William Paul Bray (born June 5, 1983) is an American former professional baseball pitcher. He played in Major League Baseball (MLB) for the Washington Nationals and Cincinnati Reds. After retiring from baseball, he became an attorney.

==Amateur career==
A native of Virginia Beach, Virginia, Bray attended Ocean Lakes High School in Virginia Beach. He is a graduate of the College of William & Mary. In 2003, he played collegiate summer baseball for the Orleans Cardinals of the Cape Cod Baseball League.

==Professional career==
===Montreal Expos/Washington Nationals===
The left-handed William Bray was the 13th overall selection in the 2004 draft by the former Montreal Expos franchise which relocated to Washington, D.C. and was renamed the Washington Nationals.
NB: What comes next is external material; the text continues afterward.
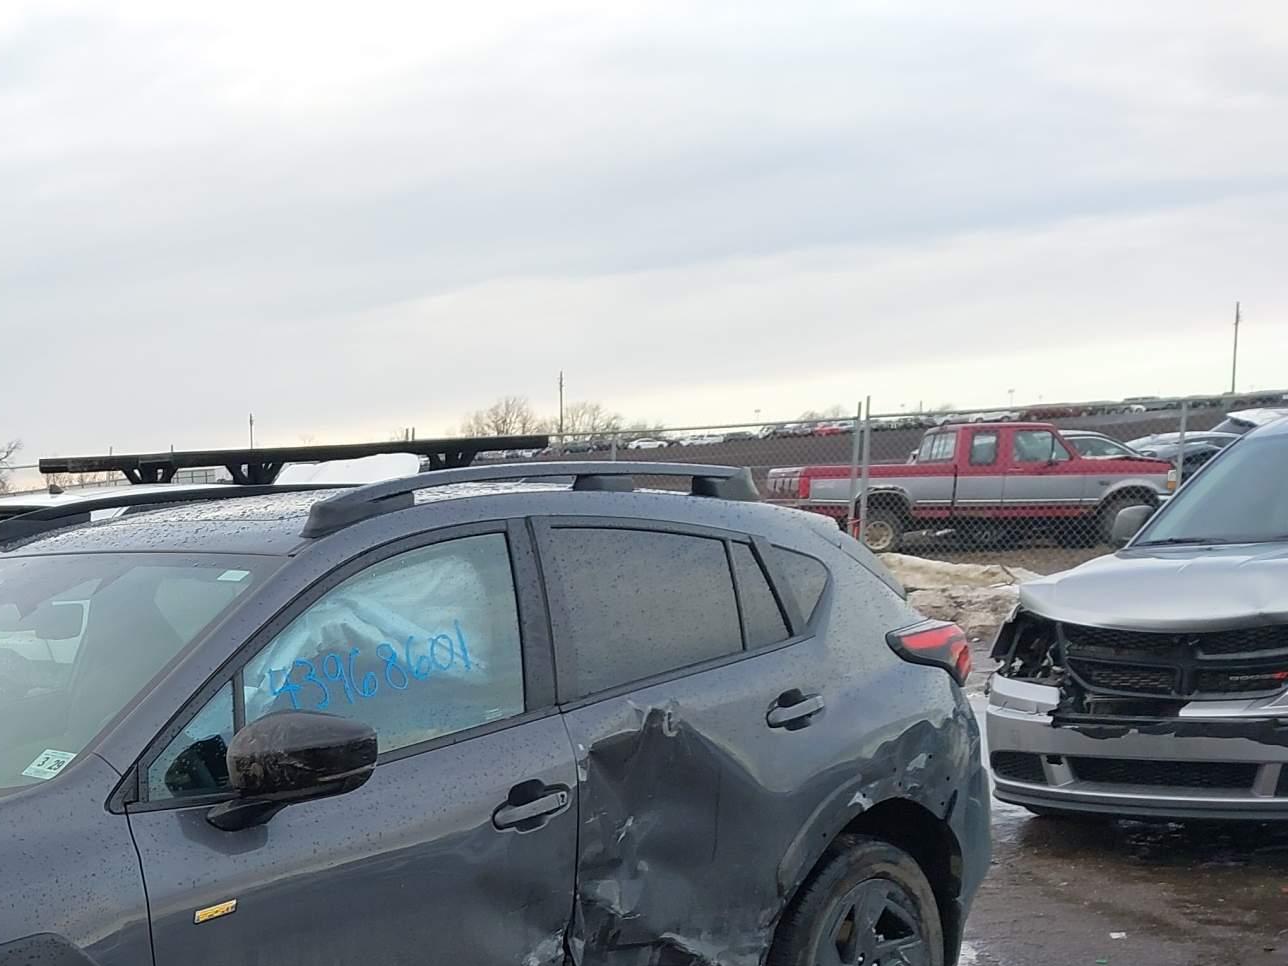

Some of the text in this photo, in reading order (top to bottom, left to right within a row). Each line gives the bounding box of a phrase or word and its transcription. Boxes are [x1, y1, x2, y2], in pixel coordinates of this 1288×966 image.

[268, 619, 472, 710] 43968601
[36, 756, 65, 771] 3 29
Bray made his Major League debut on June 3, 2006, against the Milwaukee Brewers in Milwaukee. On the first pitch he threw in relief of Gary Majewski in the eighth inning, Brian Schneider threw out Corey Koskie attempting to steal second base to end the inning. Schneider hit a go-ahead home run in the ninth inning, Chad Cordero came in to earn the save and Bray was credited with a win in his debut with just one pitch thrown and without retiring a batter.

===Cincinnati Reds===
Just over a month into his MLB career, on July 13, 2006, Bray, along with infielders Royce Clayton and Brendan Harris, reliever Gary Majewski, and starter Daryl Thompson were traded to the Cincinnati Reds for outfielder Austin Kearns, infielder Felipe Lopez, and pitcher Ryan Wagner.

Bray began the 2009 season with the Triple-A Louisville Bats after failing to earn a spot on the Reds' roster. After only a few games in Louisville, Bray underwent Tommy John surgery to repair his left elbow and missed the rest of the year. Bray was called up to the Reds from Triple-A Louisville June 27, 2010. He made his 2010 debut with the Reds on June 28, pitching one inning against the Philadelphia Phillies.

In six seasons with the Reds, with 2008 and 2011 being his best, Bray had a 12–11 record, 3.72 ERA, and 172 strikeouts in innings in 258 appearances. On November 8, 2012, Bray elected free agency after a disappointing 2012 season, in which he only pitched in 14 games.

===Washington Nationals (second stint)===
On November 28, 2012, Bray returned to the Nationals on a minor league contract. He went to spring training with the Nationals, but on March 4, 2013, he was cut and sent to the team's minor league camp. He pitched 15 games for the Double-A Harrisburg Senators in 2013, returning to free agency on November 4.

Bray announced his retirement on Twitter on March 16, 2014.

==Coaching career==
In 2015, Bray returned to Orleans of the Cape Cod League to serve as the pitching coach for his former team.

==Personal==

Bray and his wife, Elaine, were married on December 2, 2006. They have three daughters and one son.

Following baseball, he returned to William & Mary to finish his undergraduate degree in finance. He graduated in May 2015. He then attend William & Mary Law School, graduating in 2018. He subsequently began practicing real estate law.

In 2012, Bray shaved his head in an effort to raise funds for pediatric cancer.

Bray wrote for several articles for The Sporting News in 2014 and 2015.

While playing, Bray was the Reds representative for the MLB Players Association and later served on the board of directors for Major League Alumni Marketing.